» **Stored items**:
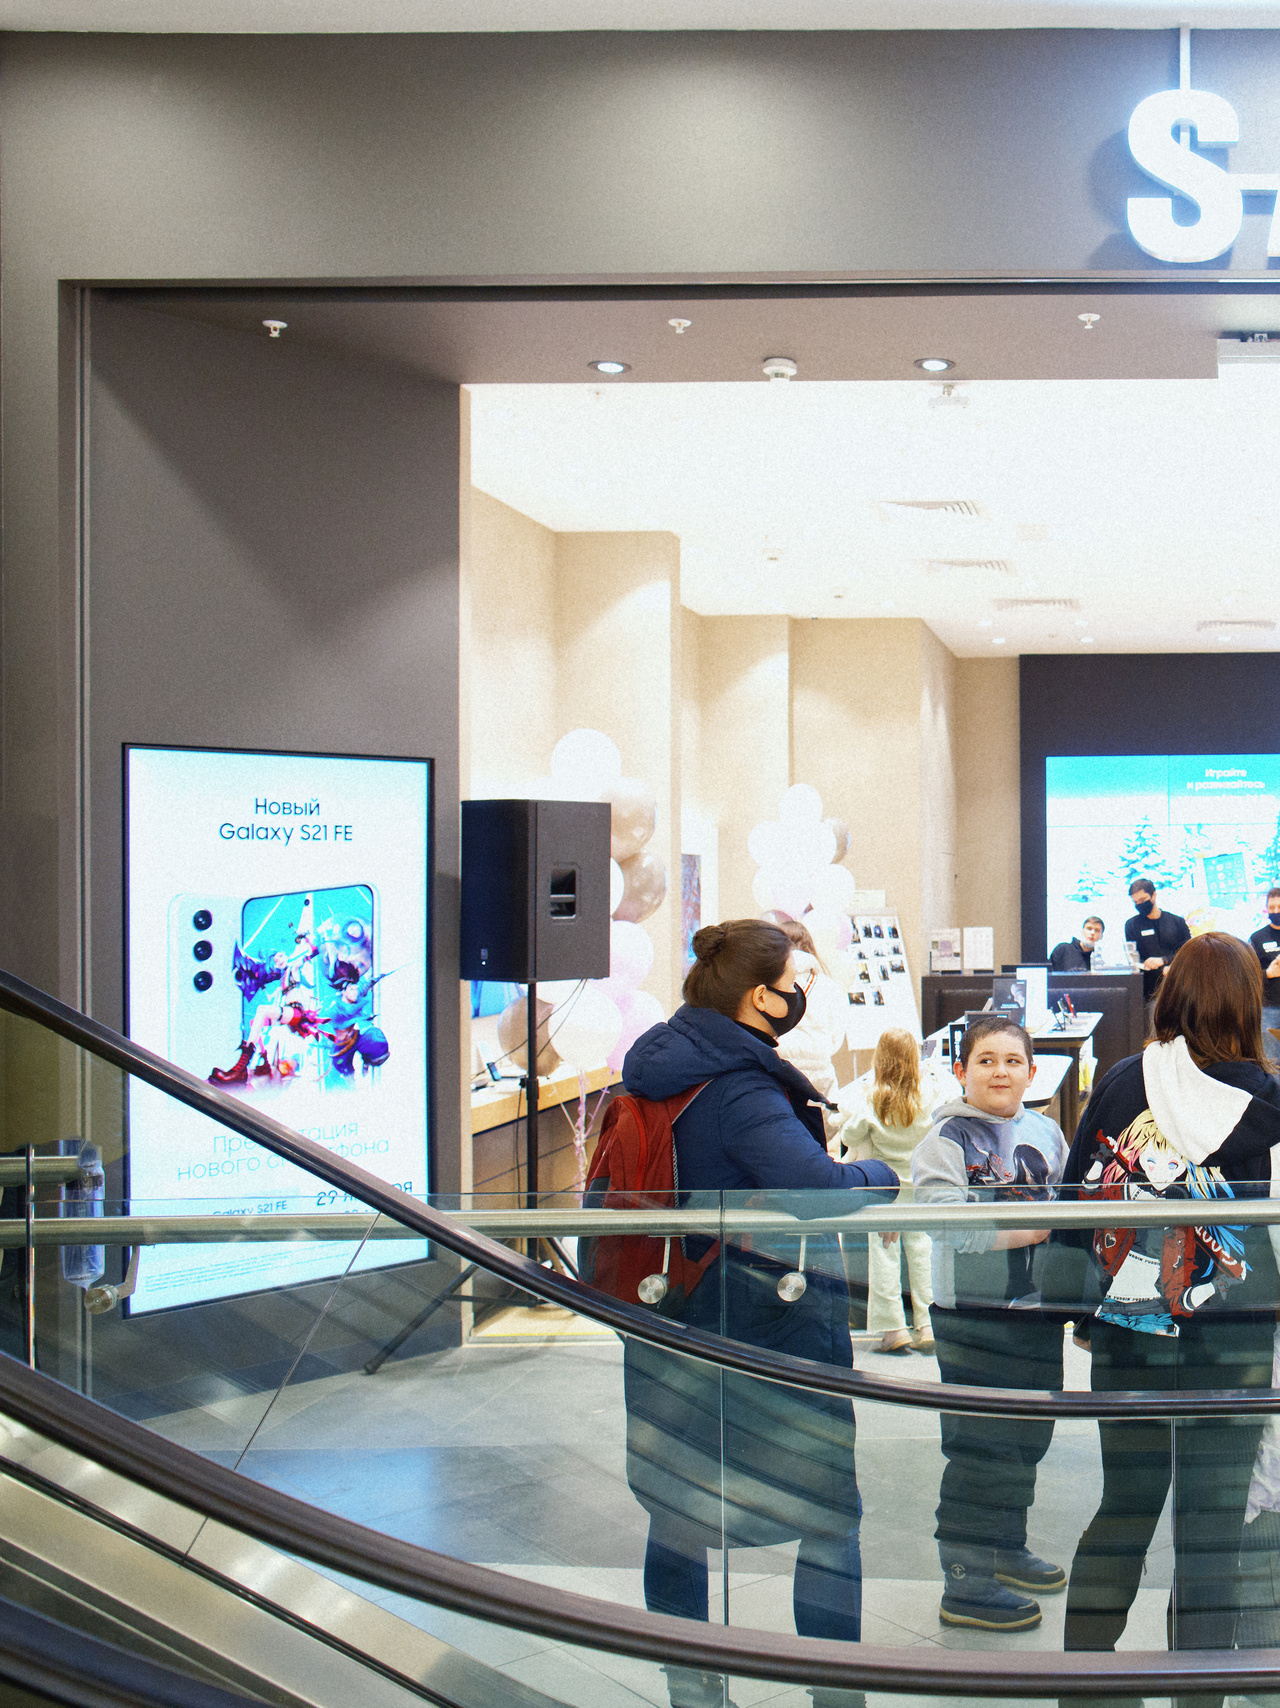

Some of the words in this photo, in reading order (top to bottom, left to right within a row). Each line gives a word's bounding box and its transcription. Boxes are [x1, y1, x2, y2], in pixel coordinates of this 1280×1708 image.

[1205, 767, 1248, 779] Играйте
[1186, 781, 1194, 789] и
[254, 797, 320, 816] Новый
[219, 822, 294, 847] Galaxy
[300, 824, 328, 841] S21
[334, 825, 353, 841] FE
[213, 1121, 359, 1158] Претация
[177, 1156, 261, 1182] нового
[266, 1139, 390, 1169] сфона
[256, 1202, 274, 1214] S21
[275, 1200, 288, 1211] FE
[316, 1189, 339, 1207] 29
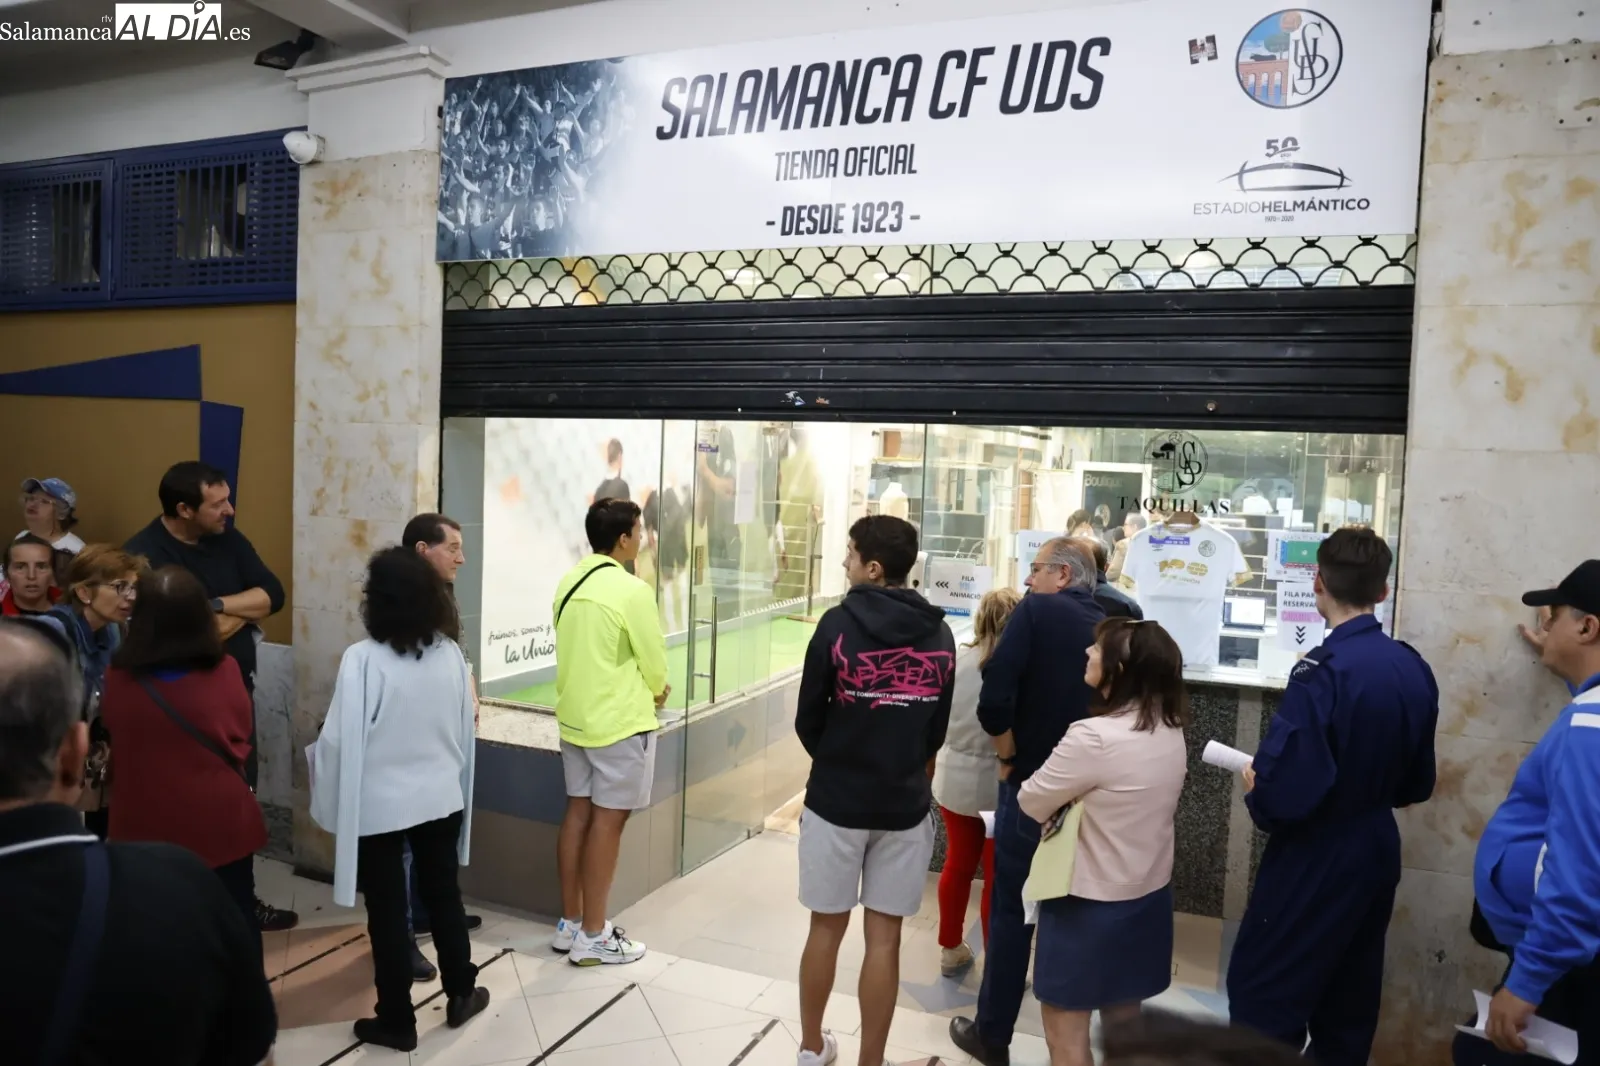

» **WORK REQUEST**: All entries must be output exactly as they stand, and every picture must be left out.

» **RESULT**:
Some of the words in this photo, in reading order (top to bottom, left to right within a row). Each line gives a word's bounding box and its transcription. Boxes are [x1, y1, x2, y2], in pixel coordinates of this 1280×1708 image.

[1205, 767, 1248, 779] Играйте
[1186, 781, 1194, 789] и
[254, 797, 320, 816] Новый
[219, 822, 294, 847] Galaxy
[300, 824, 328, 841] S21
[334, 825, 353, 841] FE
[213, 1121, 359, 1158] Претация
[177, 1156, 261, 1182] нового
[266, 1139, 390, 1169] сфона
[256, 1202, 274, 1214] S21
[275, 1200, 288, 1211] FE
[316, 1189, 339, 1207] 29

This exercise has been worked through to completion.